DATA START
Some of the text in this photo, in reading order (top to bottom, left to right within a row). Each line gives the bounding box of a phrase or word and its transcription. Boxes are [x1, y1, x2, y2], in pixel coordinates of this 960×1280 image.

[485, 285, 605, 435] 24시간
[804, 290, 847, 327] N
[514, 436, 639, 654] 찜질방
DATA END
DATA START
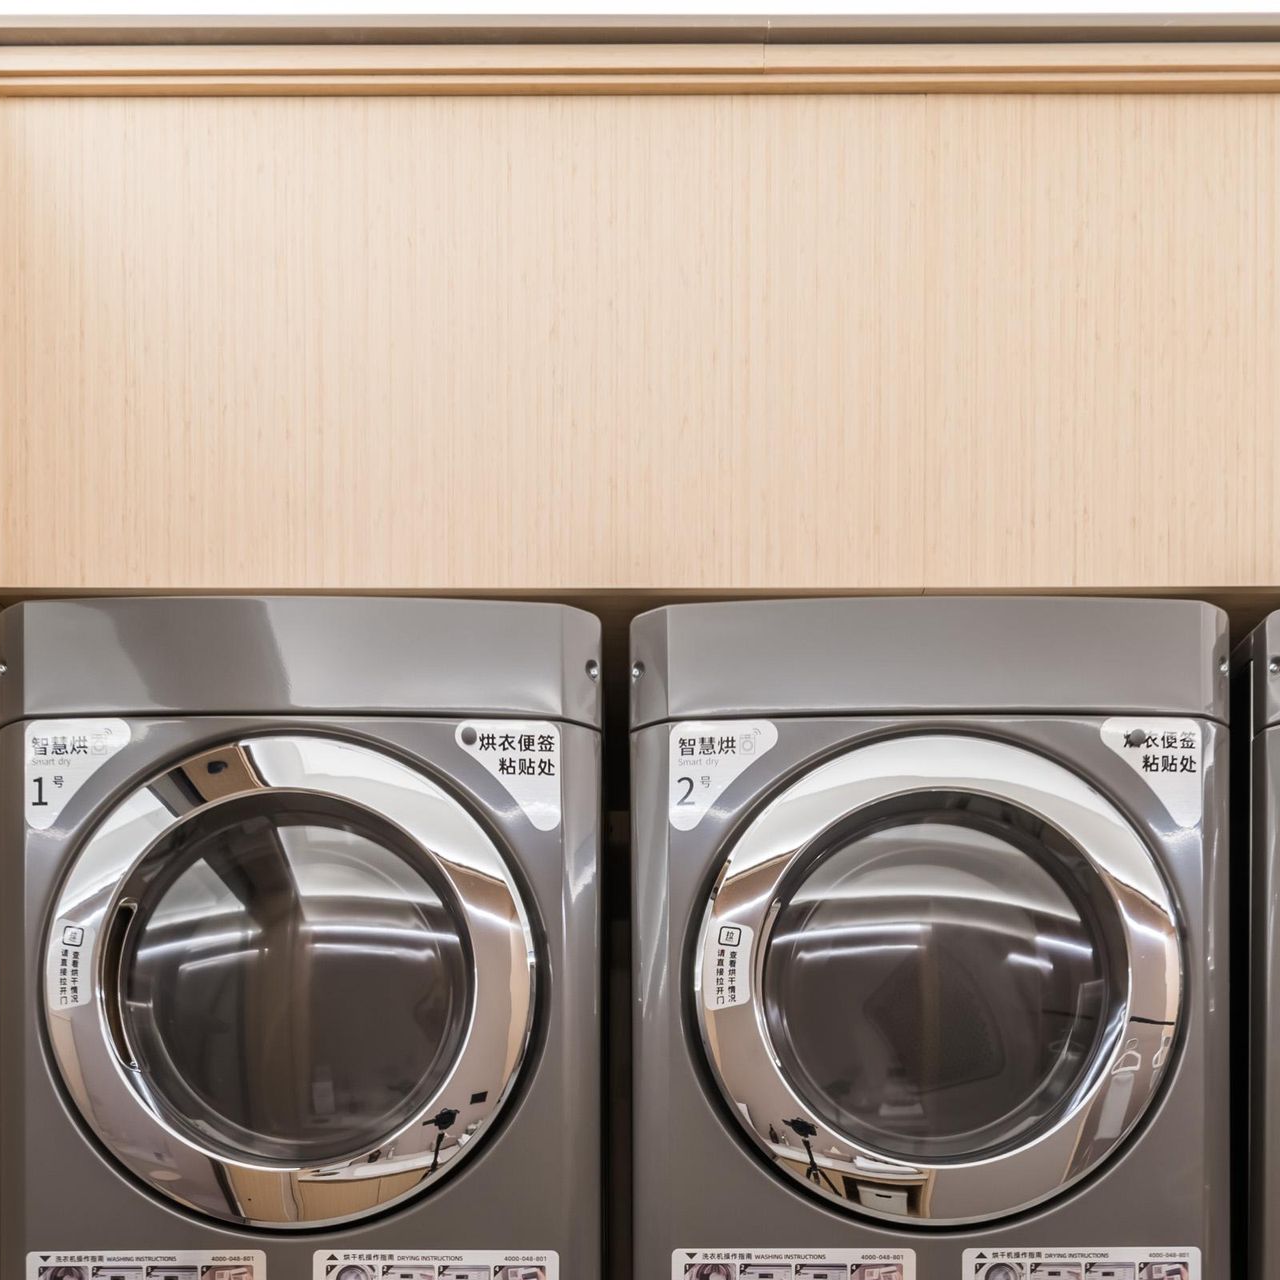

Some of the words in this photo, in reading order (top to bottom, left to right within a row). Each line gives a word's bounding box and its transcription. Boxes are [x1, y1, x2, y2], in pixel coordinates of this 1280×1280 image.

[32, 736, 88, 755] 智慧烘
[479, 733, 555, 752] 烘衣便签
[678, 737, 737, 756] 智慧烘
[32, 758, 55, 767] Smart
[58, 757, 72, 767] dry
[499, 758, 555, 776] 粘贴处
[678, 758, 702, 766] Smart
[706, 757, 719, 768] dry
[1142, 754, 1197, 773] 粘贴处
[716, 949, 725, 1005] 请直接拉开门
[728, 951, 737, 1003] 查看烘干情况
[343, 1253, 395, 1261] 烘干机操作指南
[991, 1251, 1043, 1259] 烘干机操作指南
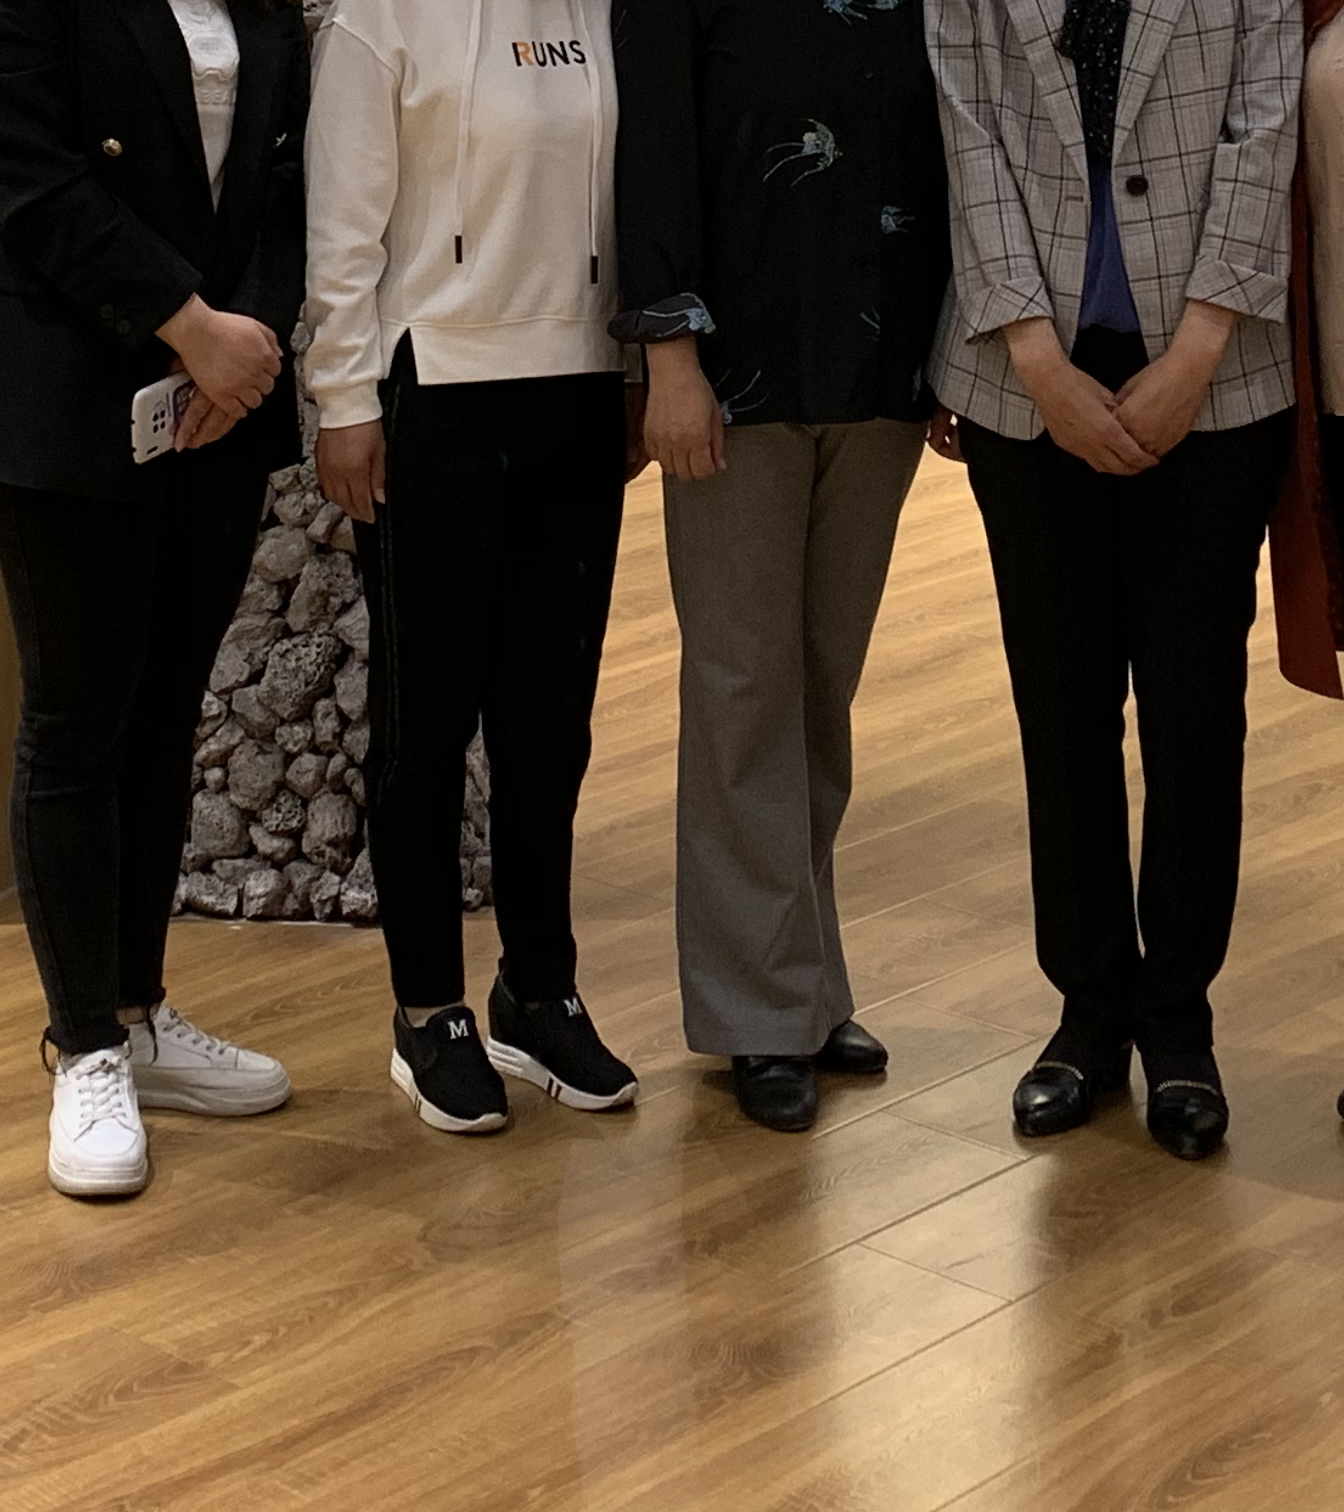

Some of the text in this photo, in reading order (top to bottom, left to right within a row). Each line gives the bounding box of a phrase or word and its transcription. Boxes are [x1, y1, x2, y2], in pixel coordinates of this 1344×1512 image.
DATA END
(WHAT YOU NEED TO DO)
The stretch above running from the line with "Some of the words" through the line with "this 1344×1512 image." is all you should copy, exactly, leaving out the pictures.

(EXERCISE RESPONSE)
Some of the words in this photo, in reading order (top to bottom, left to right within a row). Each line gives a word's bounding box and its transcription. Boxes are [x1, y1, x2, y2], in pixel coordinates of this 1280×1280 image.

[32, 736, 88, 755] 智慧烘
[479, 733, 555, 752] 烘衣便签
[678, 737, 737, 756] 智慧烘
[32, 758, 55, 767] Smart
[58, 757, 72, 767] dry
[499, 758, 555, 776] 粘贴处
[678, 758, 702, 766] Smart
[706, 757, 719, 768] dry
[1142, 754, 1197, 773] 粘贴处
[716, 949, 725, 1005] 请直接拉开门
[728, 951, 737, 1003] 查看烘干情况
[343, 1253, 395, 1261] 烘干机操作指南
[991, 1251, 1043, 1259] 烘干机操作指南

Some of the text in this photo, in reading order (top to bottom, left to right within a row). Each line gives the bounding box of a phrase or word and its transcription. Boxes are [x1, y1, x2, y2], in pixel coordinates of this 1344×1512 image.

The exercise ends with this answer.